■ **WHAT YOU NEED TO DO**:
Repeat the data word for word and skip the pictures.

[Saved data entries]
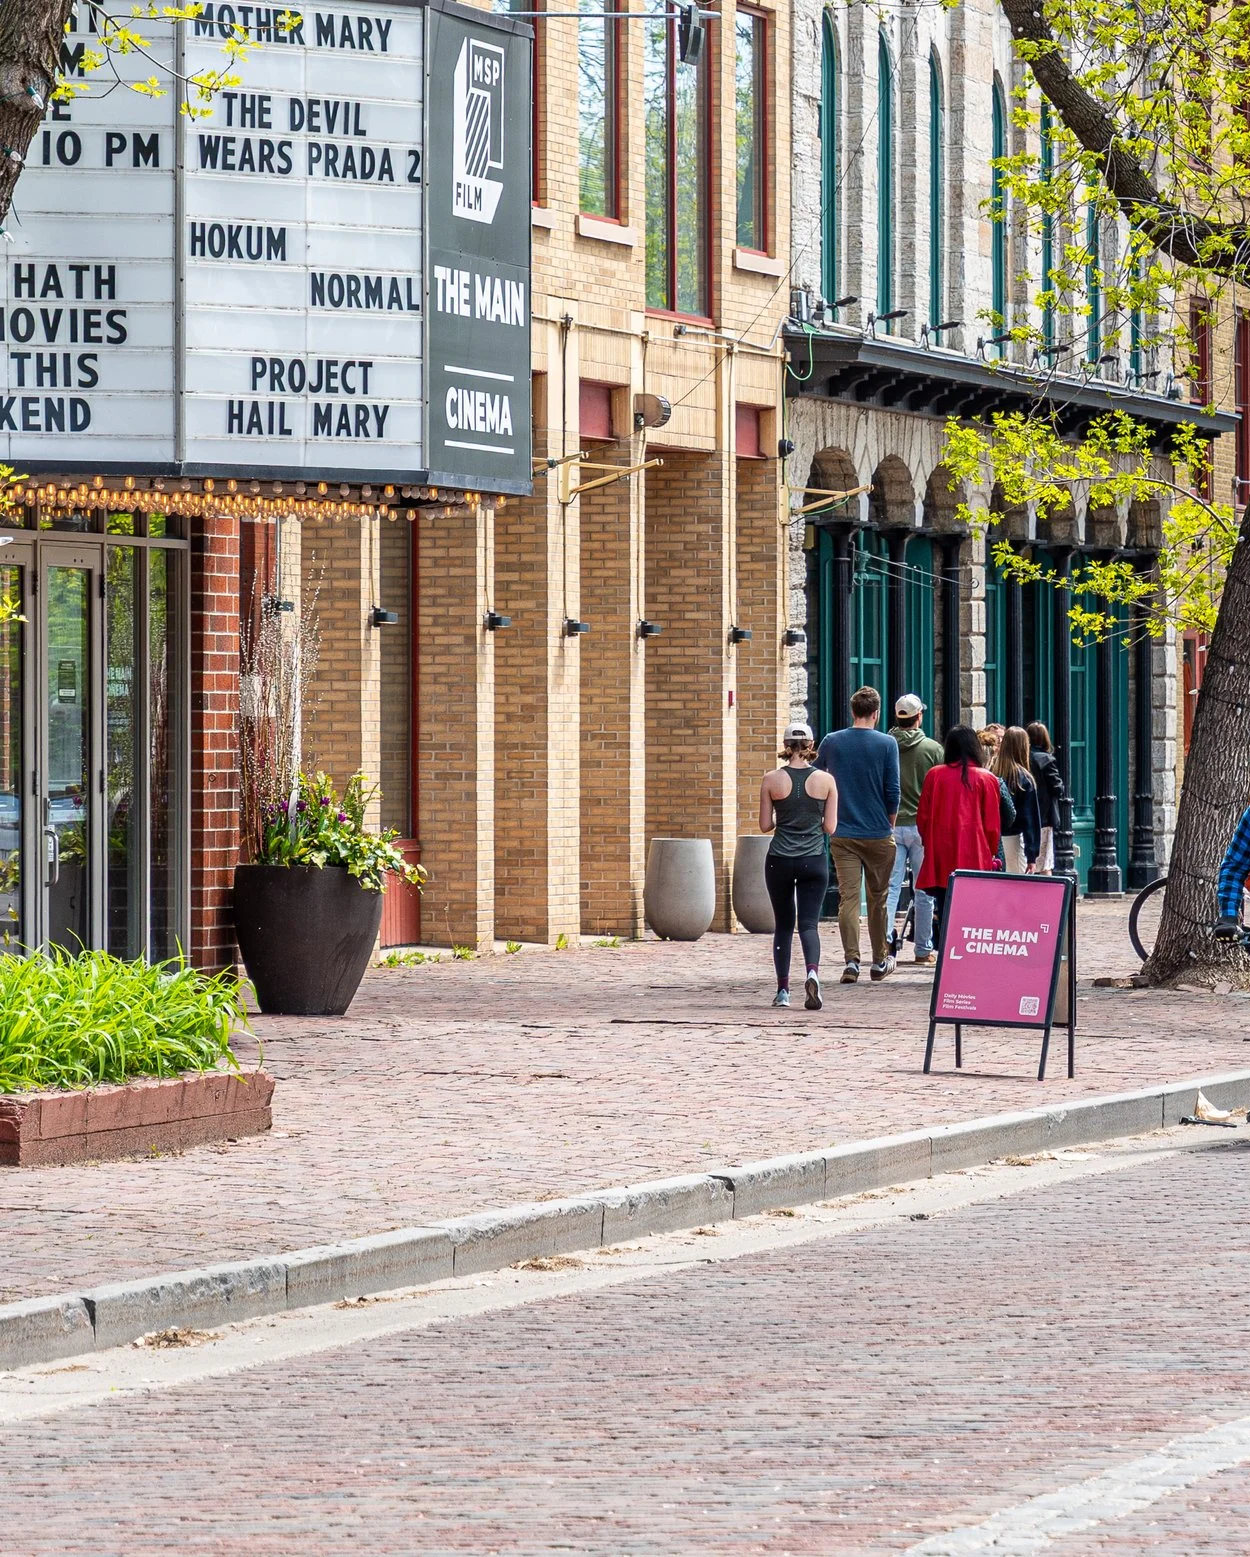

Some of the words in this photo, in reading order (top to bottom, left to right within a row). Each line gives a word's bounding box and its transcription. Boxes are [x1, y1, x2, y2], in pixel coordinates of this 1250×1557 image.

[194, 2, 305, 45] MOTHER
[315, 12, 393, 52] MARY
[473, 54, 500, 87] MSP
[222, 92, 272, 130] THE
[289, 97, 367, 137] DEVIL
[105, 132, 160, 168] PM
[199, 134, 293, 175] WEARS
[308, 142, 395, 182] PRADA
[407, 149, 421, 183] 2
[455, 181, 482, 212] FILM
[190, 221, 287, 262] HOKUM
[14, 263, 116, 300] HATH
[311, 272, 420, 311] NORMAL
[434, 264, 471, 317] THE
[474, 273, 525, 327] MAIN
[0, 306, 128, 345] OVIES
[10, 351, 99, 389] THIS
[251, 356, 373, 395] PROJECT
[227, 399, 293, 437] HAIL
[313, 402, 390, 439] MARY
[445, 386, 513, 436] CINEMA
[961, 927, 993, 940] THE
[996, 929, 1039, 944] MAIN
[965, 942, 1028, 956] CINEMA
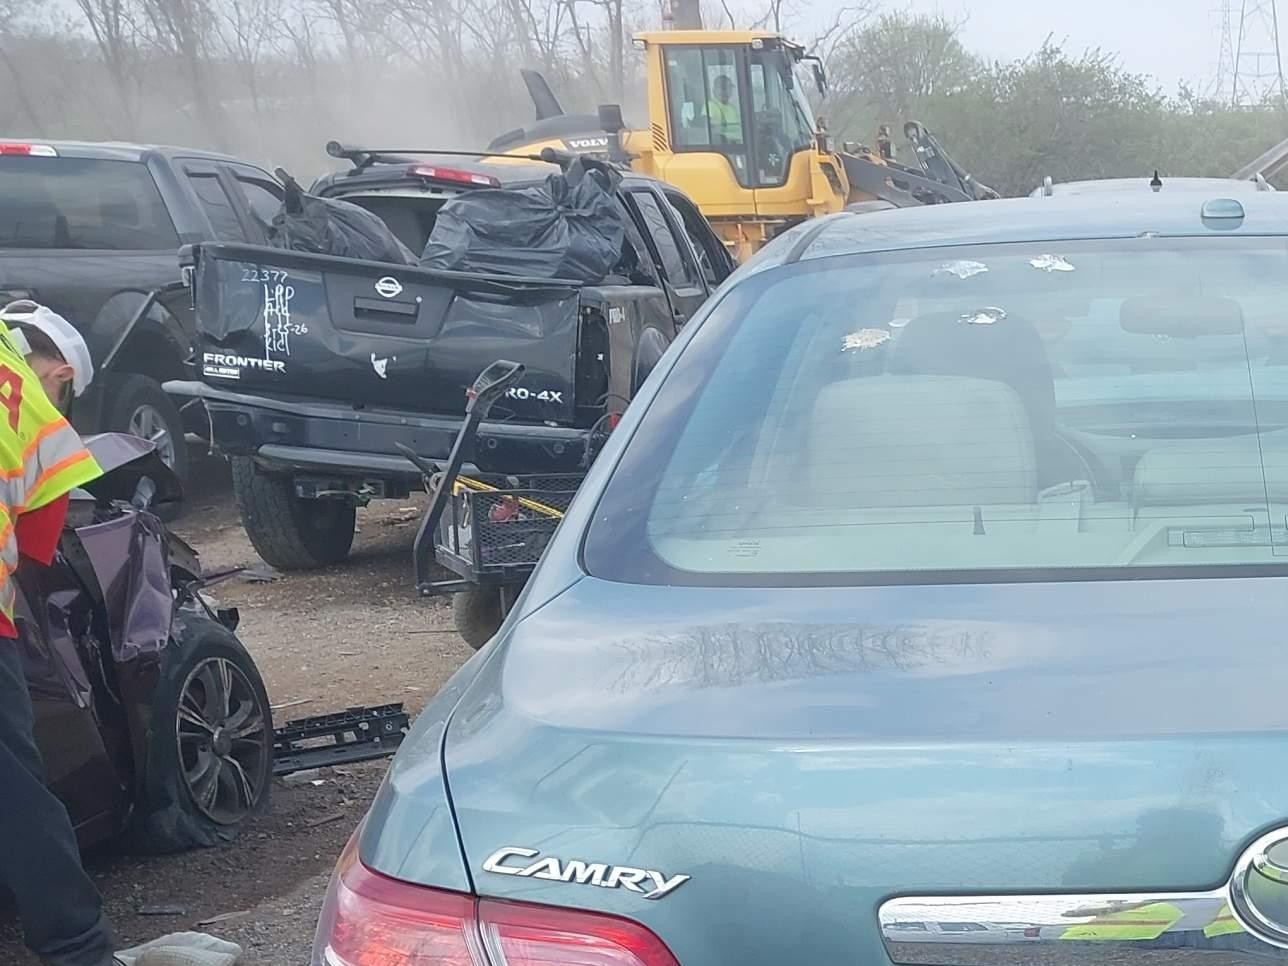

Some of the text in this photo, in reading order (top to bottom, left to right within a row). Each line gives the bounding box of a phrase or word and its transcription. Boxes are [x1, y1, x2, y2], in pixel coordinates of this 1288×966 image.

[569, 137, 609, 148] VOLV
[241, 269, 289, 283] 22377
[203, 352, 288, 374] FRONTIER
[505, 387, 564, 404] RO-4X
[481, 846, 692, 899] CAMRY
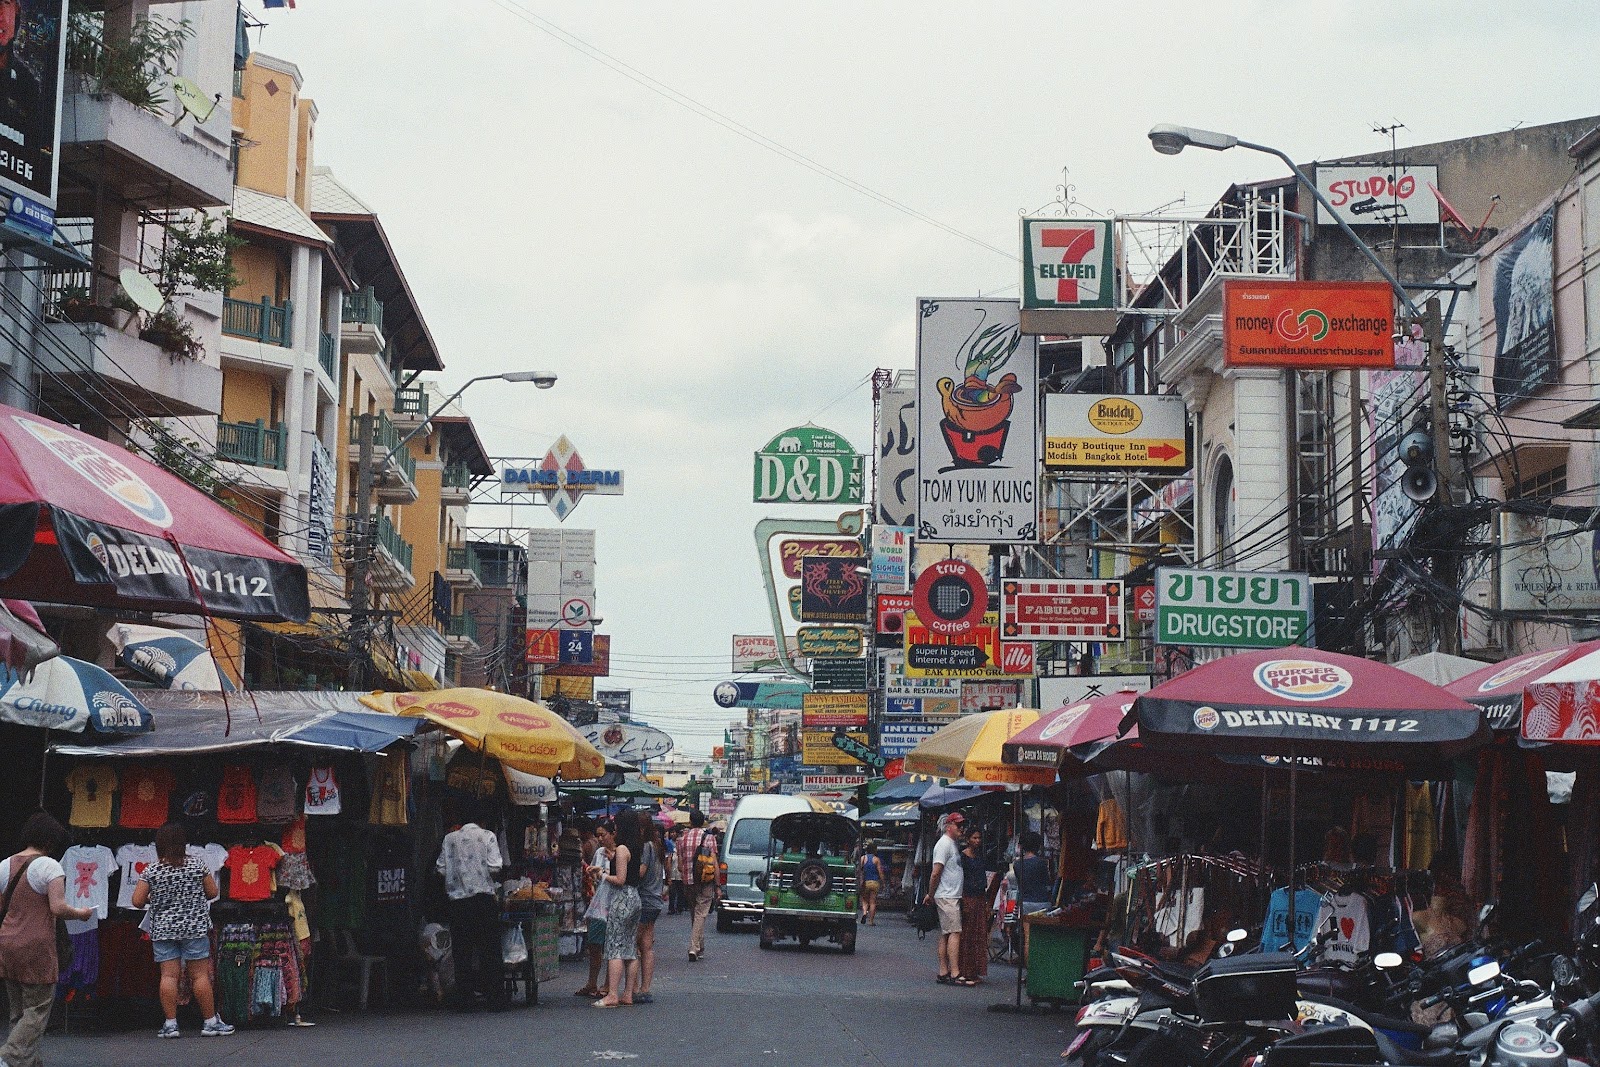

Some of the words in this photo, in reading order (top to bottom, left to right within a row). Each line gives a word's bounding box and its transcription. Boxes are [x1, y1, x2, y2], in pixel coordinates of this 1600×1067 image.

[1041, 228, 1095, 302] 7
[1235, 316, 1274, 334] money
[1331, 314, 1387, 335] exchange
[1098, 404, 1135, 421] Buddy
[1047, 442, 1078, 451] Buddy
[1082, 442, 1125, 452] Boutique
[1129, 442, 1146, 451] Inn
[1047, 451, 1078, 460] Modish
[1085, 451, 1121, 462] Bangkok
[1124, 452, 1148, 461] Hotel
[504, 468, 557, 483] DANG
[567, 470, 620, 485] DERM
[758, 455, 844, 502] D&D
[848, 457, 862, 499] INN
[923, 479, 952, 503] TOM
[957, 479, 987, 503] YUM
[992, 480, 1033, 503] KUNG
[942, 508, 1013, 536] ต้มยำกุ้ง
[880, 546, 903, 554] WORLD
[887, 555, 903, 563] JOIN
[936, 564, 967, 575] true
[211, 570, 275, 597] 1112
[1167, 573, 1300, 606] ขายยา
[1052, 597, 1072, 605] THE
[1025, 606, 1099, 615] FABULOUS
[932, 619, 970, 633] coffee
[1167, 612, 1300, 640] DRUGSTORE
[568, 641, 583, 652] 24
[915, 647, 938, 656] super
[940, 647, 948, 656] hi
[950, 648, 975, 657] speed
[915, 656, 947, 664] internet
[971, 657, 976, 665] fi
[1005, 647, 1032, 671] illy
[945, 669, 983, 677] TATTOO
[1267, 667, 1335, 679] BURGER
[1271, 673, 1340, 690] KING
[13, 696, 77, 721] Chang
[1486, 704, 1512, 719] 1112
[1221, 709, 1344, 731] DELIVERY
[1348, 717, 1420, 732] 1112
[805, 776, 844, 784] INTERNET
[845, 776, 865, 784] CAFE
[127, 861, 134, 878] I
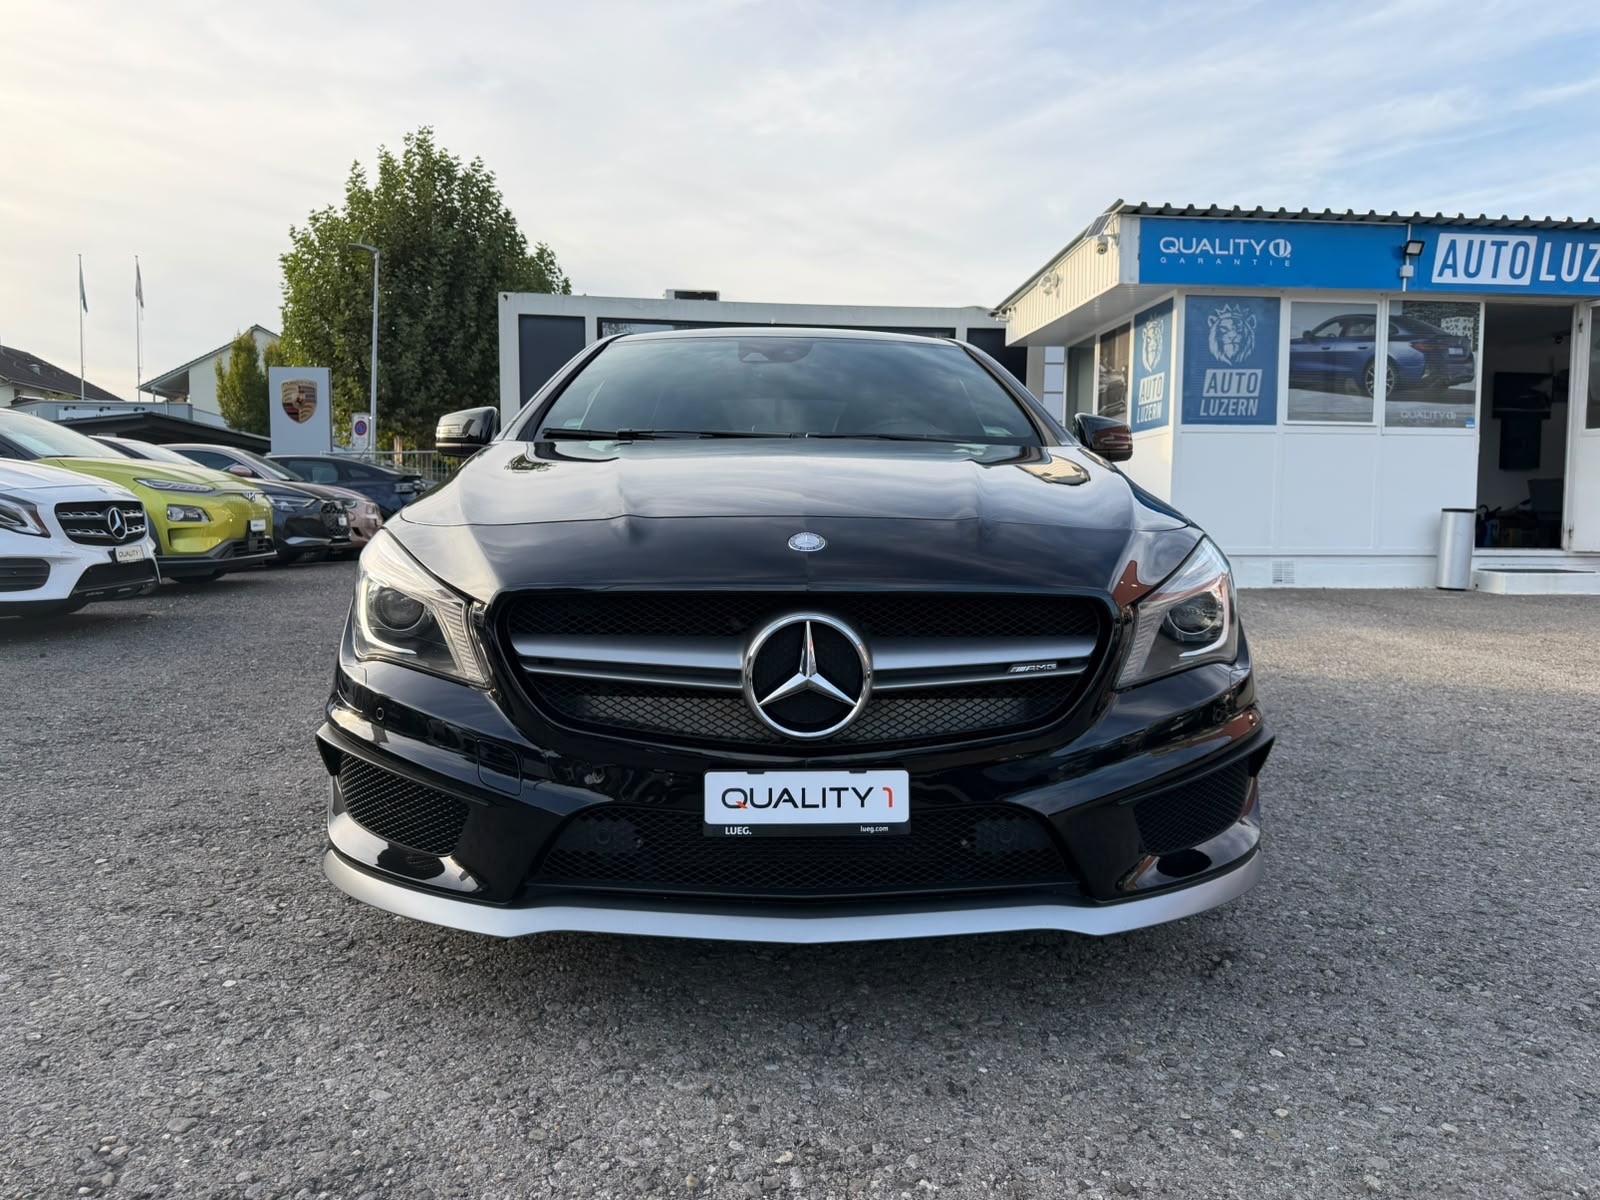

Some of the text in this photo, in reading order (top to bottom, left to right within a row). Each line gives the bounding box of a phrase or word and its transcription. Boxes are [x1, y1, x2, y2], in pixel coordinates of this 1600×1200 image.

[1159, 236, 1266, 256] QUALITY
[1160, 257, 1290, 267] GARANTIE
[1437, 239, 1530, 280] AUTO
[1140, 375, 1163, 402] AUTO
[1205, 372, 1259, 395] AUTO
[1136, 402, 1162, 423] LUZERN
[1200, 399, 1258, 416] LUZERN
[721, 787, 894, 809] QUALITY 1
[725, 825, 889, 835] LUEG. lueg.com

■ **SOLUTION FOR THIS PROBLEM**:
Some of the words in this photo, in reading order (top to bottom, left to right within a row). Each line gives a word's bounding box and its transcription. Boxes are [x1, y1, x2, y2], in pixel coordinates of this 1250×1557 image.

[194, 2, 305, 45] MOTHER
[315, 12, 393, 52] MARY
[473, 54, 500, 87] MSP
[222, 92, 272, 130] THE
[289, 97, 367, 137] DEVIL
[105, 132, 160, 168] PM
[199, 134, 293, 175] WEARS
[308, 142, 395, 182] PRADA
[407, 149, 421, 183] 2
[455, 181, 482, 212] FILM
[190, 221, 287, 262] HOKUM
[14, 263, 116, 300] HATH
[311, 272, 420, 311] NORMAL
[434, 264, 471, 317] THE
[474, 273, 525, 327] MAIN
[0, 306, 128, 345] OVIES
[10, 351, 99, 389] THIS
[251, 356, 373, 395] PROJECT
[227, 399, 293, 437] HAIL
[313, 402, 390, 439] MARY
[445, 386, 513, 436] CINEMA
[961, 927, 993, 940] THE
[996, 929, 1039, 944] MAIN
[965, 942, 1028, 956] CINEMA

Some of the text in this photo, in reading order (top to bottom, left to right within a row). Each line gives the bounding box of a phrase or word and its transcription. Boxes are [x1, y1, x2, y2], in pixel coordinates of this 1288×966 image.

[569, 137, 609, 148] VOLV
[241, 269, 289, 283] 22377
[203, 352, 288, 374] FRONTIER
[505, 387, 564, 404] RO-4X
[481, 846, 692, 899] CAMRY

Some of the words in this photo, in reading order (top to bottom, left to right within a row). Each line gives a word's bounding box and its transcription. Boxes are [x1, y1, x2, y2], in pixel coordinates of this 1600×1067 image.

[1041, 228, 1095, 302] 7
[1235, 316, 1274, 334] money
[1331, 314, 1387, 335] exchange
[1098, 404, 1135, 421] Buddy
[1047, 442, 1078, 451] Buddy
[1082, 442, 1125, 452] Boutique
[1129, 442, 1146, 451] Inn
[1047, 451, 1078, 460] Modish
[1085, 451, 1121, 462] Bangkok
[1124, 452, 1148, 461] Hotel
[504, 468, 557, 483] DANG
[567, 470, 620, 485] DERM
[758, 455, 844, 502] D&D
[848, 457, 862, 499] INN
[923, 479, 952, 503] TOM
[957, 479, 987, 503] YUM
[992, 480, 1033, 503] KUNG
[942, 508, 1013, 536] ต้มยำกุ้ง
[880, 546, 903, 554] WORLD
[887, 555, 903, 563] JOIN
[936, 564, 967, 575] true
[211, 570, 275, 597] 1112
[1167, 573, 1300, 606] ขายยา
[1052, 597, 1072, 605] THE
[1025, 606, 1099, 615] FABULOUS
[932, 619, 970, 633] coffee
[1167, 612, 1300, 640] DRUGSTORE
[568, 641, 583, 652] 24
[915, 647, 938, 656] super
[940, 647, 948, 656] hi
[950, 648, 975, 657] speed
[915, 656, 947, 664] internet
[971, 657, 976, 665] fi
[1005, 647, 1032, 671] illy
[945, 669, 983, 677] TATTOO
[1267, 667, 1335, 679] BURGER
[1271, 673, 1340, 690] KING
[13, 696, 77, 721] Chang
[1486, 704, 1512, 719] 1112
[1221, 709, 1344, 731] DELIVERY
[1348, 717, 1420, 732] 1112
[805, 776, 844, 784] INTERNET
[845, 776, 865, 784] CAFE
[127, 861, 134, 878] I

Some of the text in this photo, in reading order (top to bottom, left to right within a row). Each line gives the bounding box of a phrase or word and its transcription. Boxes are [x1, y1, x2, y2], in pixel coordinates of this 1600×1200 image.

[1159, 236, 1266, 256] QUALITY
[1160, 257, 1290, 267] GARANTIE
[1437, 239, 1530, 280] AUTO
[1140, 375, 1163, 402] AUTO
[1205, 372, 1259, 395] AUTO
[1136, 402, 1162, 423] LUZERN
[1200, 399, 1258, 416] LUZERN
[721, 787, 894, 809] QUALITY 1
[725, 825, 889, 835] LUEG. lueg.com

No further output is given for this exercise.